The Mathematics Colloquium presents Dr. Samir Bose on “Early Indian Mathematics” on Tuesday, April 18, at 4:10 p.m. in Morton 115.
Bose is Professor Emeritus of Physics at the University of Notre Dame.
Abstract: In this presentation, Professor Bose will review and appraise the contributions of early India to the development of mathematics beginning with arithmetic and ending with differential and integral calculus. The system of enumeration of natural numbers (positive integers) that we use today arose in India. Early advances in mathematics were followed by developments in trigonometry, which emerged out of the requirements of astronomy, eventually leading to Aryabhatta’s (476 CE) work on the sine function. After Bhaskaracharya (1114 CE), mathematical activity came to a halt in India with the exception of an absolutely remarkable development in an obscure and isolated part of the country.
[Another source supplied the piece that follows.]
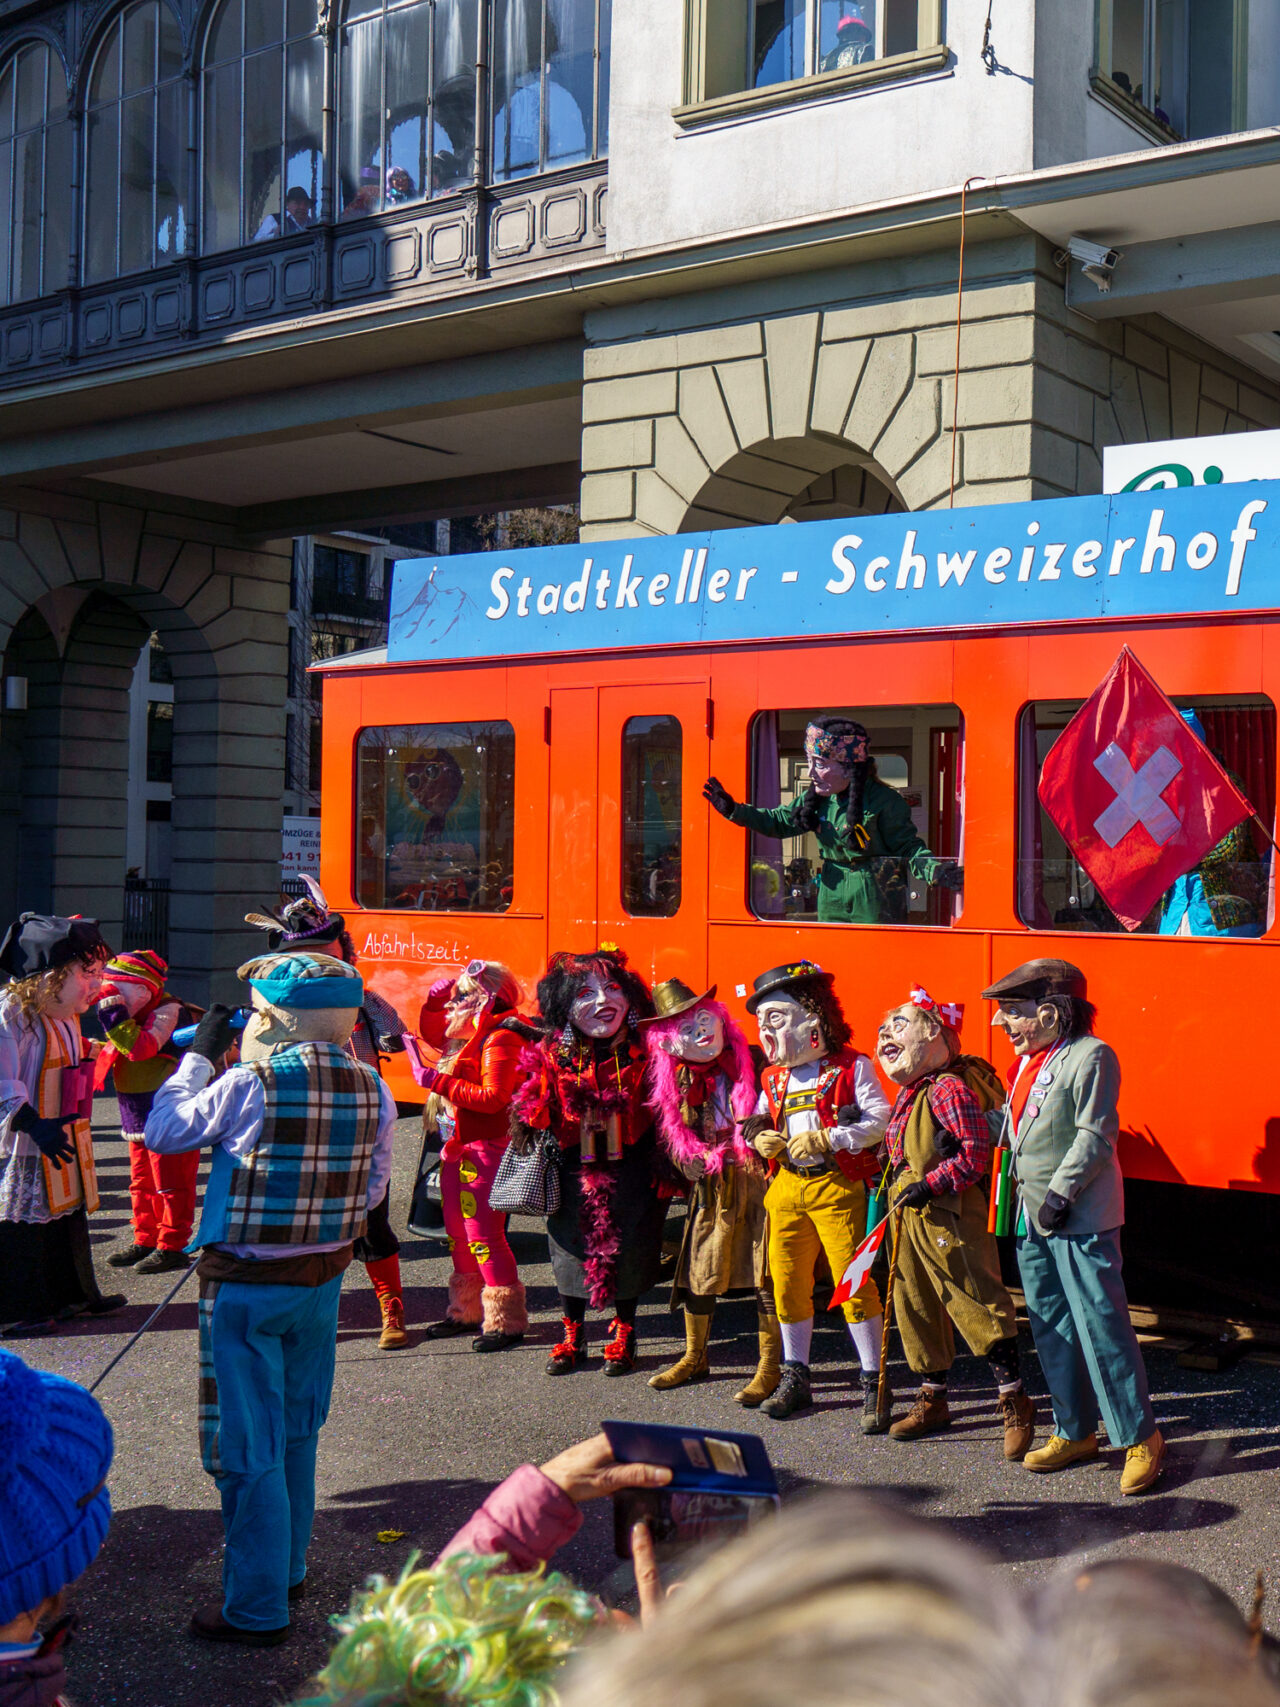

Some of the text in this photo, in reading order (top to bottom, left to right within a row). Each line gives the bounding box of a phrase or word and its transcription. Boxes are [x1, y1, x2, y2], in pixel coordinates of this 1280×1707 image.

[485, 547, 758, 621] Stadtkeller
[825, 499, 1268, 596] Schweizerhof
[363, 931, 470, 962] Abfahrtszeit:
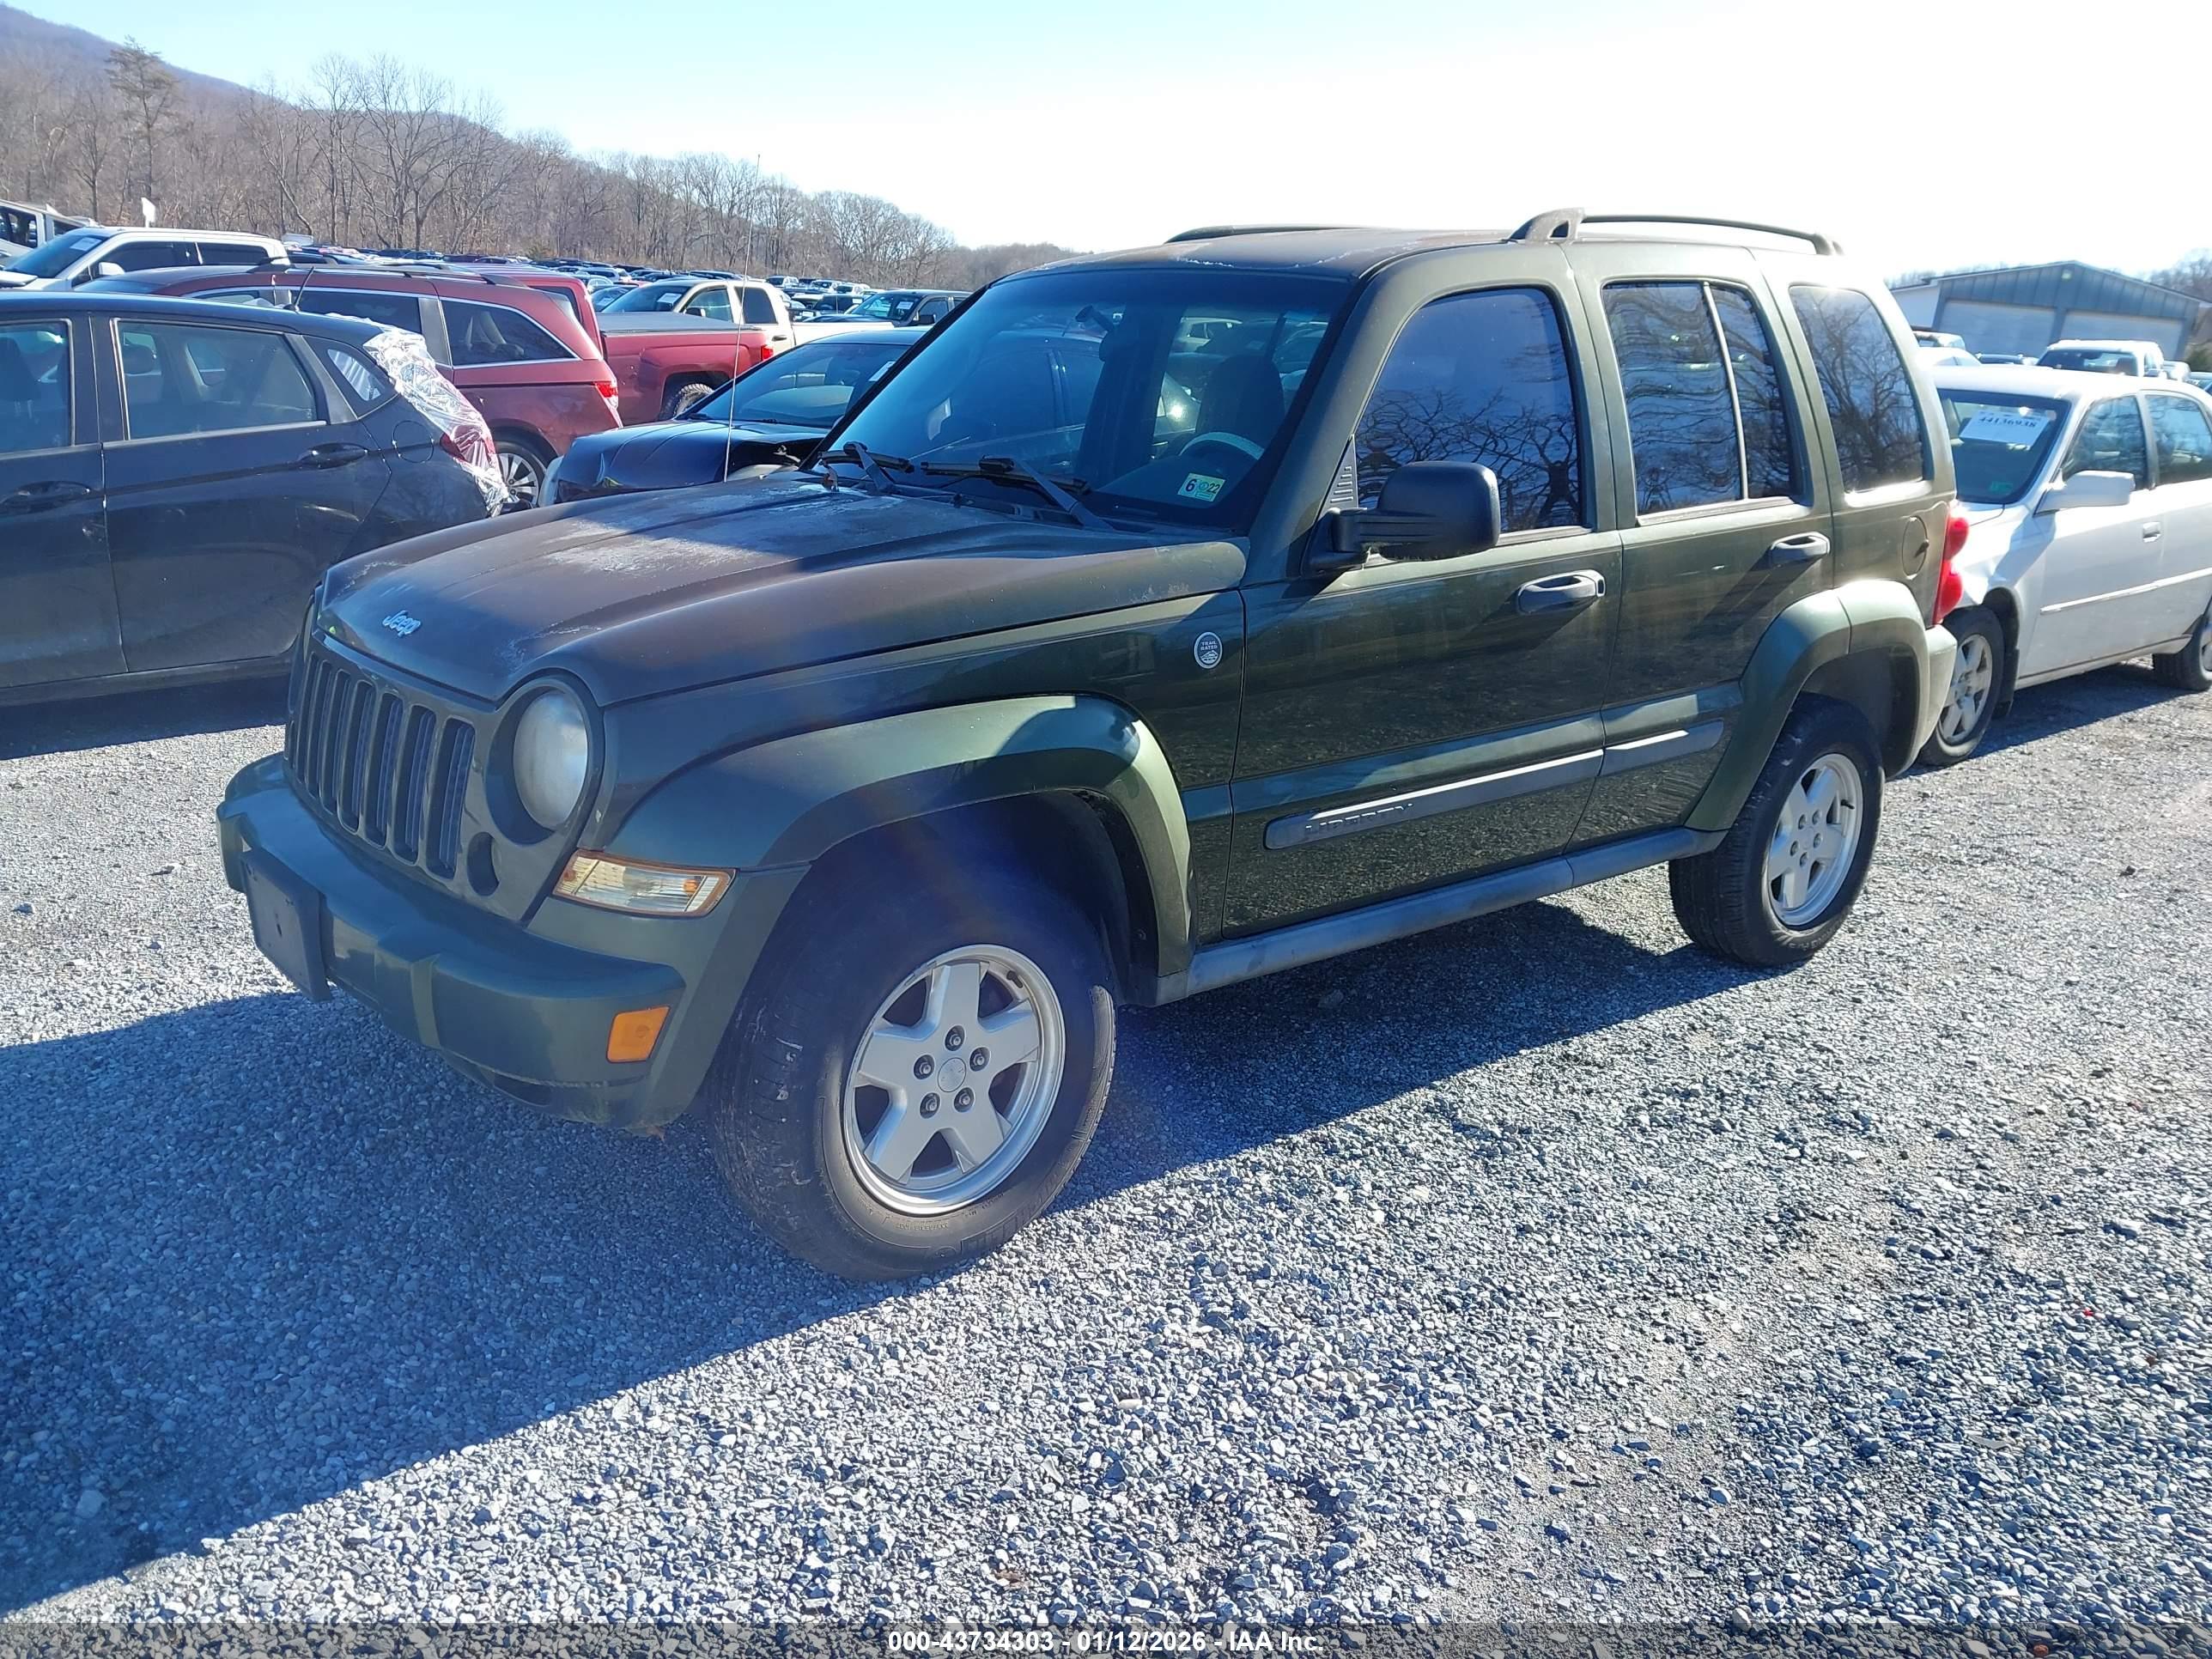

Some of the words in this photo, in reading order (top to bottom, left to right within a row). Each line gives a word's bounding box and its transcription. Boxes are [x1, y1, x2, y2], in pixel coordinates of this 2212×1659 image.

At the Kerala School of Mathematics, its founder, Madhava (1340 – 1425 CE), discovered the rules governing differential and integral calculus and used these to develop (among others) infinite power series expressions for sin θ and cos θ (in powers of θ) and one for inverse tangent function (in powers of x). These values would be rediscovered centuries later by Newton (1676 CE) and Gregory (1667 CE). Thus a program initiated by Aryabhatta almost a thousand years ago comes to a close. Mathematical activity ends with Sankara Varman of the Kerala School and the dark-age finally descends on India. Deliverance would arrive only after contact was reestablished with “modern” European mathematics at the end of the 19th Century.